Sir George Leonard Staunton, 1st Baronet (10 April 1737 – 14 January 1801) was an Anglo-Irish physician, judge and diplomat best known for his participation in the Macartney Embassy.

==Life==

George Leonard Staunton was born in Cargin, County Galway, Ireland, the son of Col. George Staunton. He was educated at the Jesuit College in Toulouse, France, obtaining an M.D. in 1758, and subsequently studied at the School of Medicine in Montpellier. He was awarded a DCL by the University of Oxford in 1790.

Staunton initially worked as a physician in the British West Indies, where he acquired slave plantations on Grenada and Dominica.
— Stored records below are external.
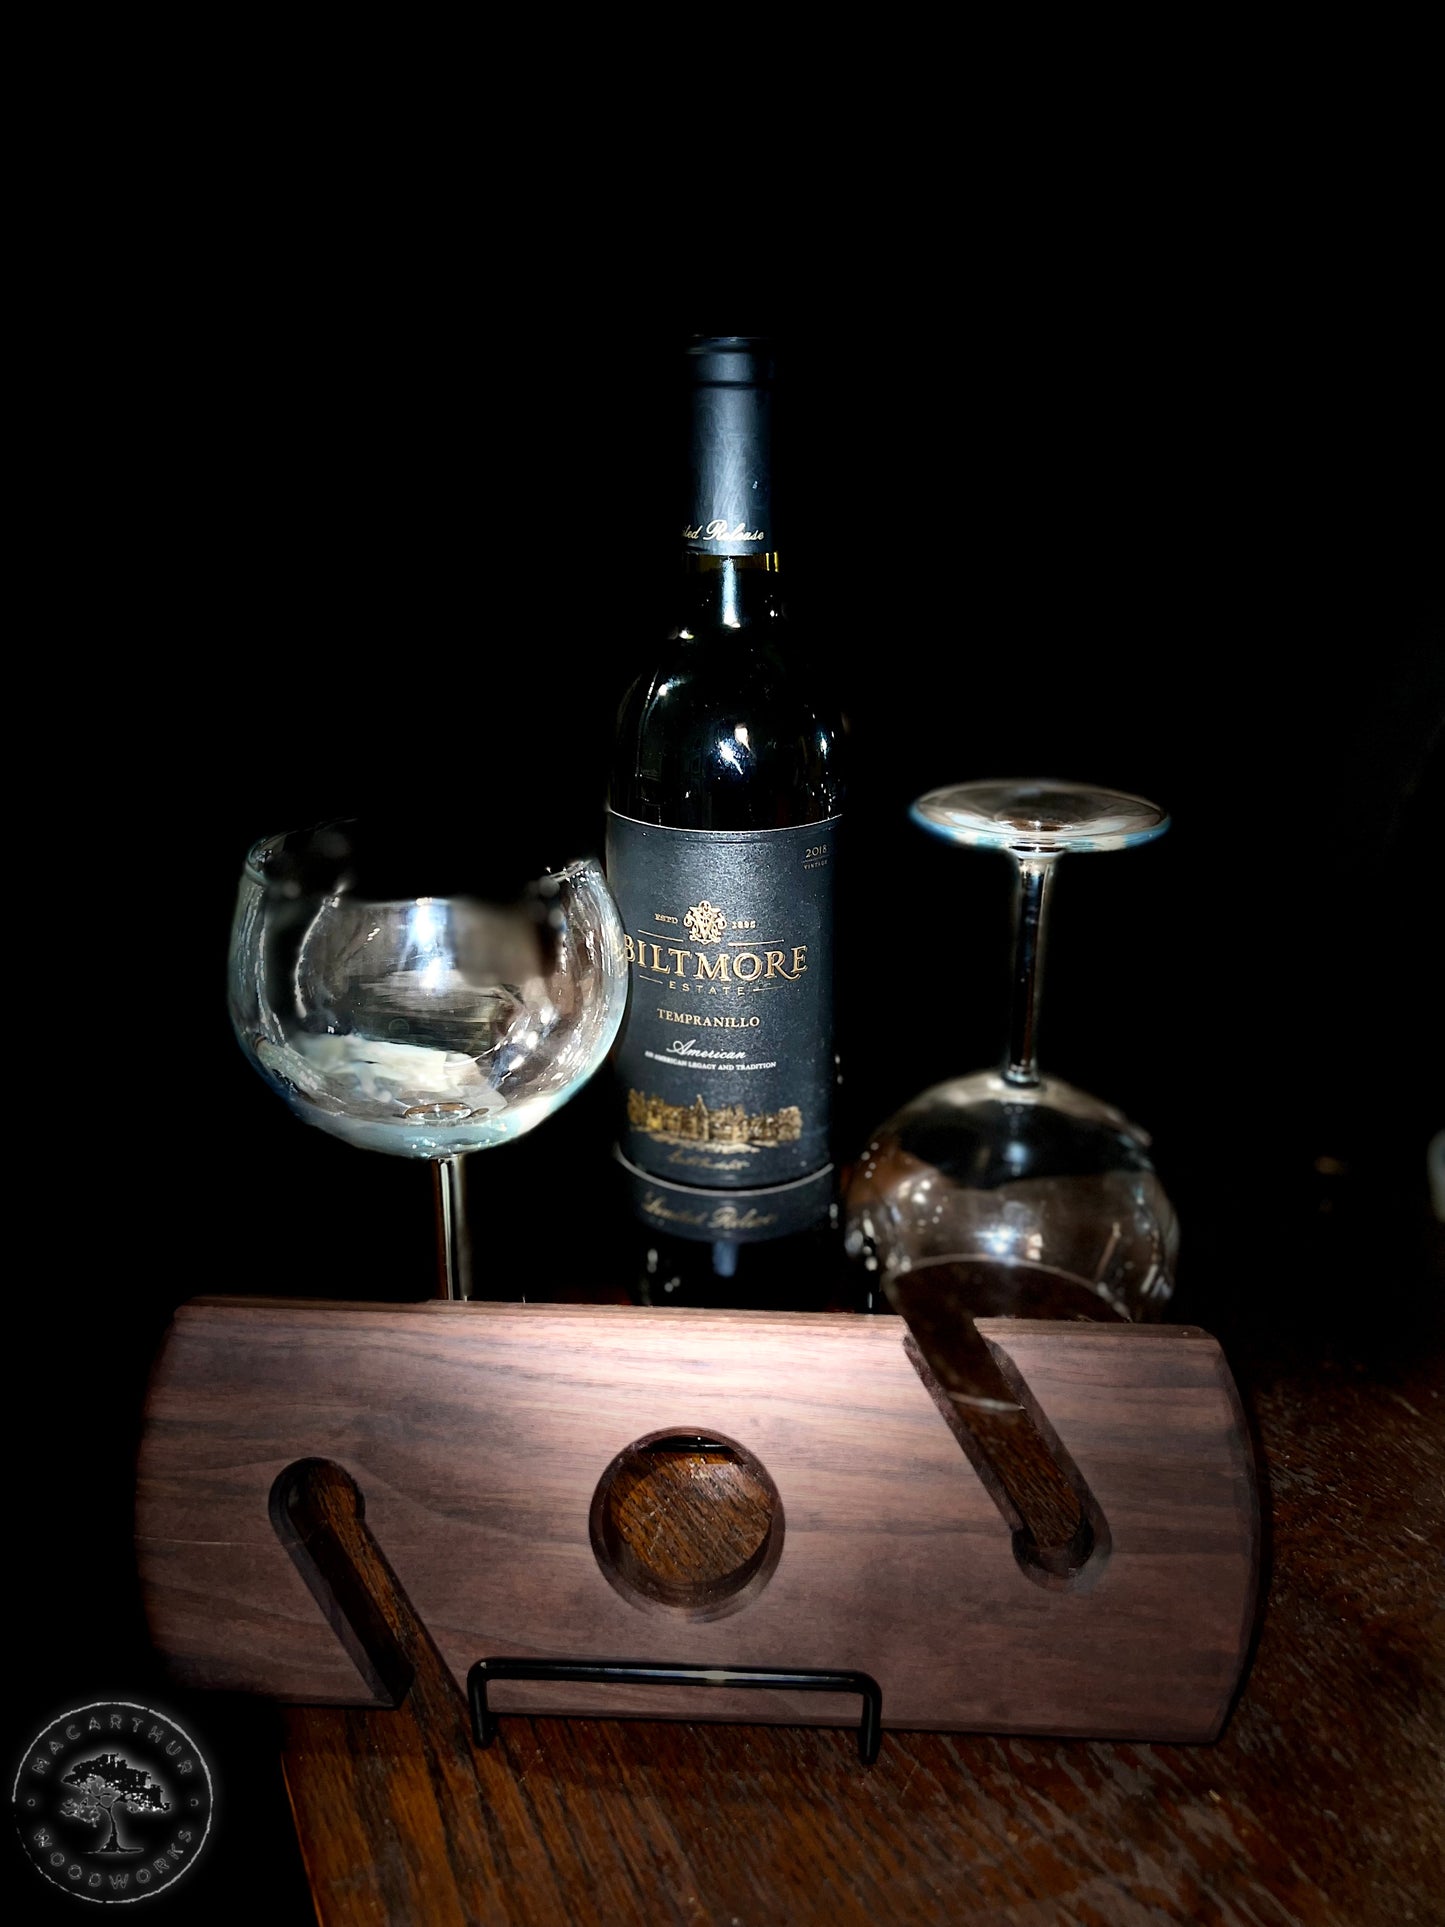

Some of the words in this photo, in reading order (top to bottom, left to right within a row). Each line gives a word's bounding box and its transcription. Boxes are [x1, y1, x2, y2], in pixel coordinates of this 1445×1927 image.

[703, 519, 765, 541] Release
[805, 843, 828, 858] 2018
[623, 933, 809, 982] BILTMORE
[668, 981, 746, 996] ESTATE
[656, 1008, 761, 1029] TEMPRANILLO
[666, 1039, 747, 1059] American
[717, 1063, 735, 1071] AND
[735, 1061, 777, 1071] TRADITION
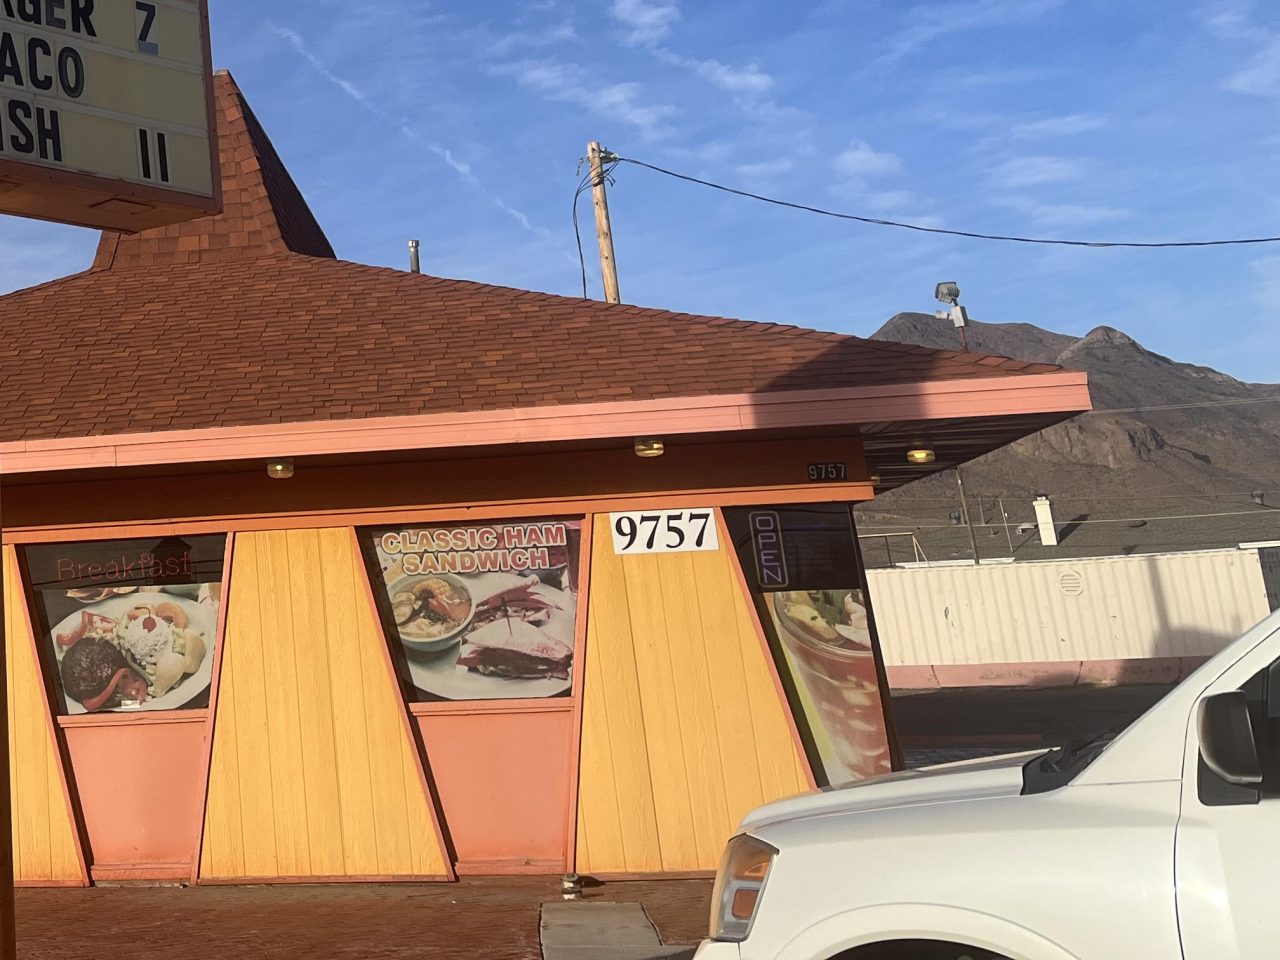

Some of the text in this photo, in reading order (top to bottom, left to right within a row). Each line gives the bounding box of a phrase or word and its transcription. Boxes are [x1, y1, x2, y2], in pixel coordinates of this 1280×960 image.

[135, 1, 157, 42] 7
[808, 464, 846, 481] 9757
[381, 524, 567, 554] CLASSIC HAM
[615, 511, 711, 551] 9757
[402, 548, 550, 575] SANDWICH
[754, 515, 784, 585] OPEN
[56, 551, 193, 583] Breakfast
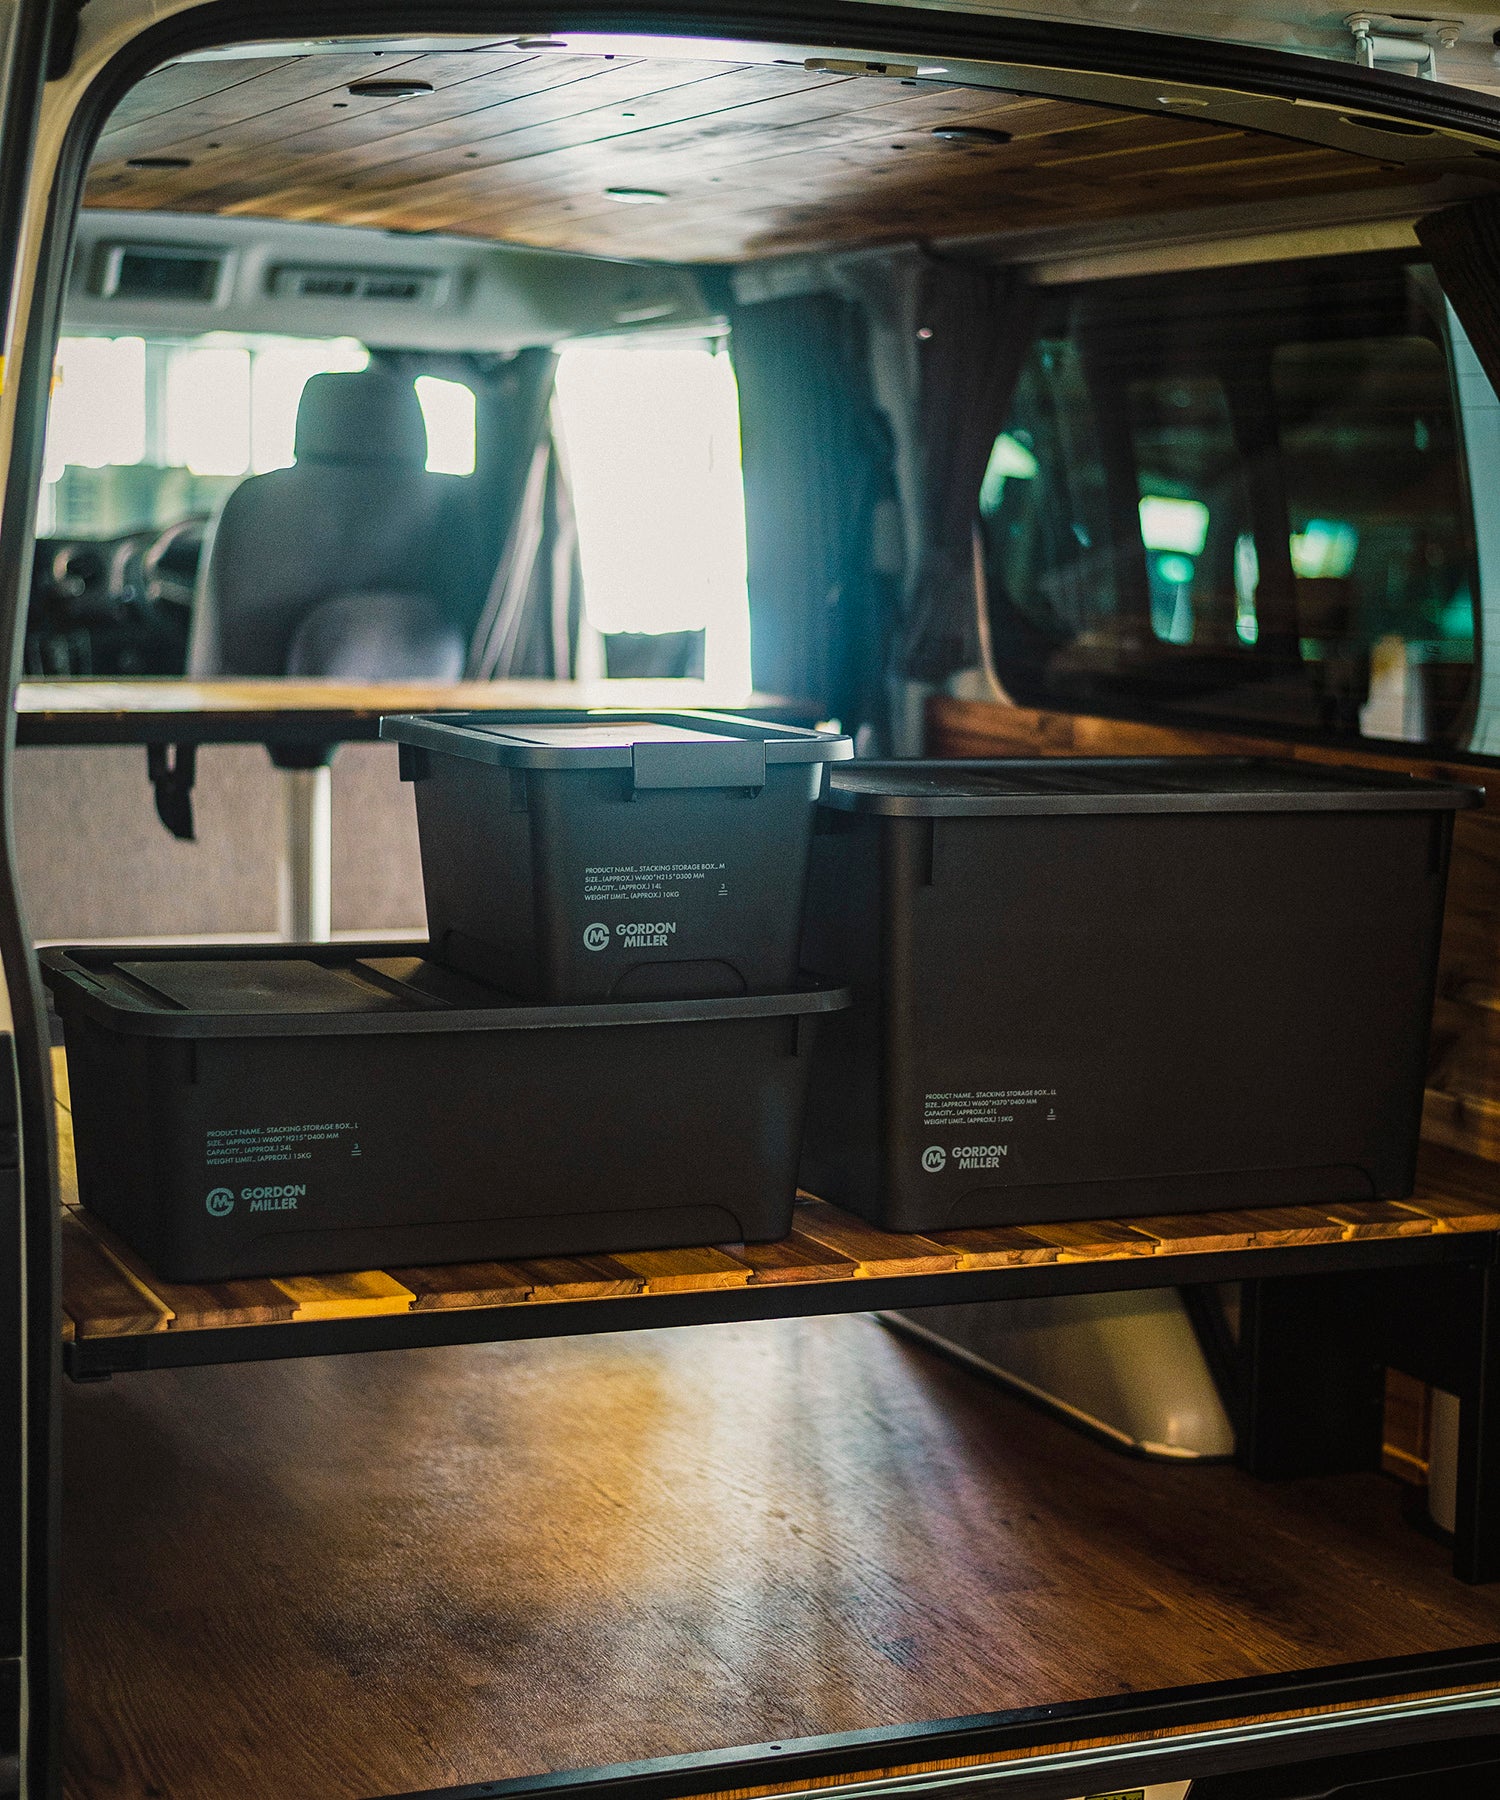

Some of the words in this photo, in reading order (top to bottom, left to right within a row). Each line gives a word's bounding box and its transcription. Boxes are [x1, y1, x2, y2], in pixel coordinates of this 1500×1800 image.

[639, 864, 671, 872] STACKING
[615, 922, 676, 936] GORDON
[623, 934, 669, 948] MILLER
[207, 1129, 238, 1137] PRODUCT
[952, 1145, 1008, 1158] GORDON
[958, 1157, 1000, 1170] MILLER
[241, 1184, 307, 1200] GORDON
[249, 1198, 298, 1212] MILLER
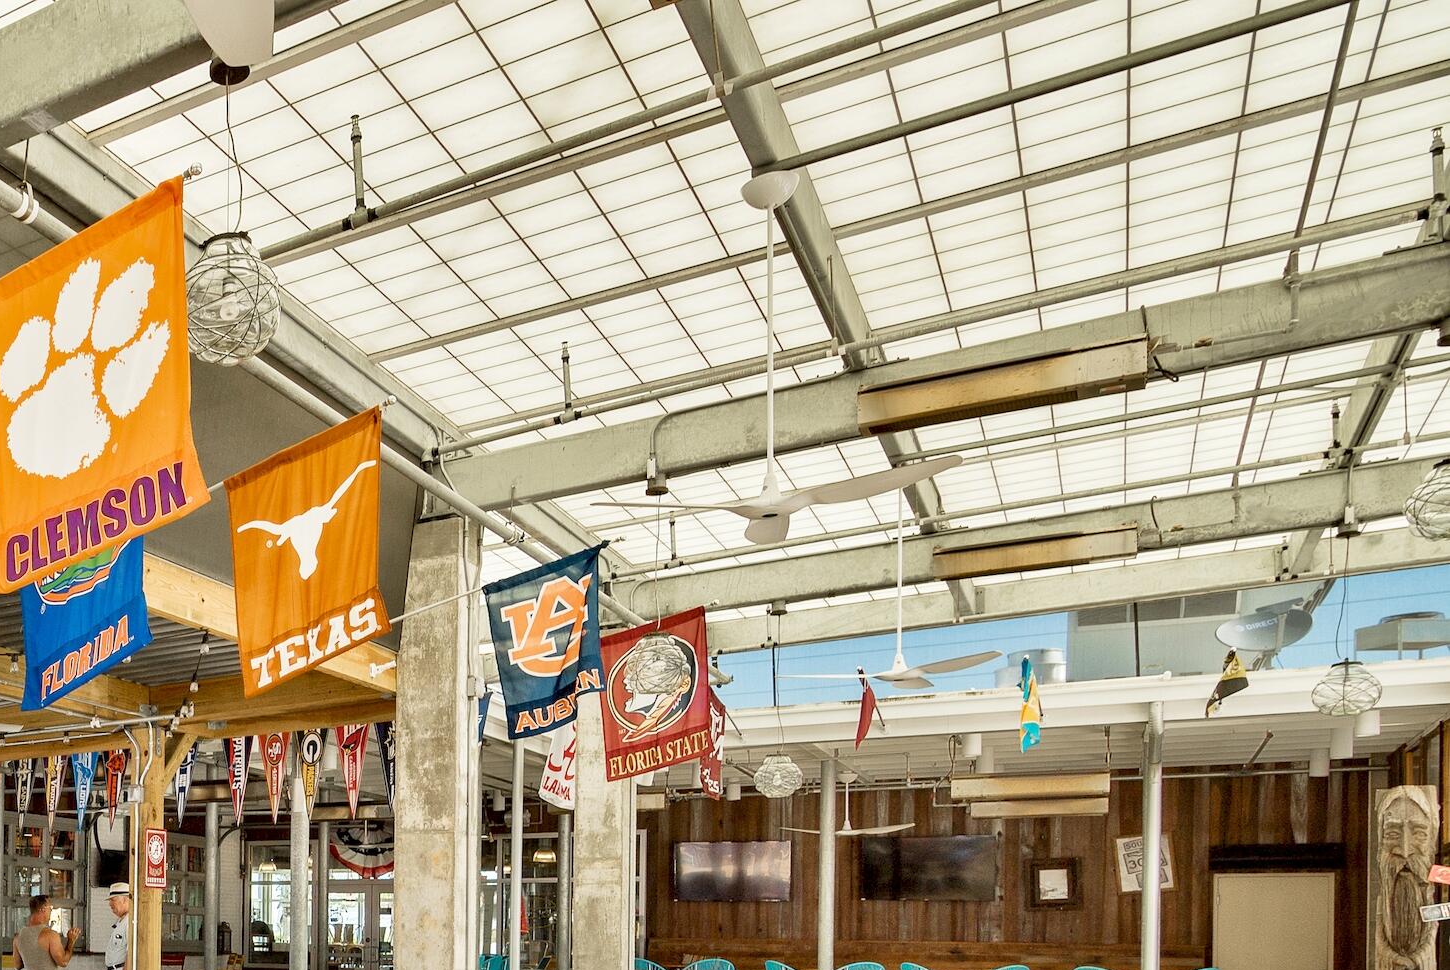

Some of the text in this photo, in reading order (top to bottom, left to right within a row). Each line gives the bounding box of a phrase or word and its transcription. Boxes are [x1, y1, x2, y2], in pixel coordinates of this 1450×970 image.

[6, 461, 188, 583] CLEMSON
[251, 598, 378, 689] TEXAS
[1245, 617, 1279, 630] DIRECT
[41, 614, 130, 700] FLORIDA
[232, 736, 243, 790] PATRIOTS
[666, 729, 709, 762] STATE
[19, 785, 27, 811] SAINTS
He then switched to law and was made Attorney-General in Grenada in 1779. In 1784, he accompanied his lifelong friend George Macartney, 1st Earl Macartney, whom he first met in the West Indies, to Madras to negotiate peace with Tipu Sultan, for which service Staunton was created a baronet of Ireland, on 31 October 1785. He was elected in February 1787 a Fellow of the Royal Society.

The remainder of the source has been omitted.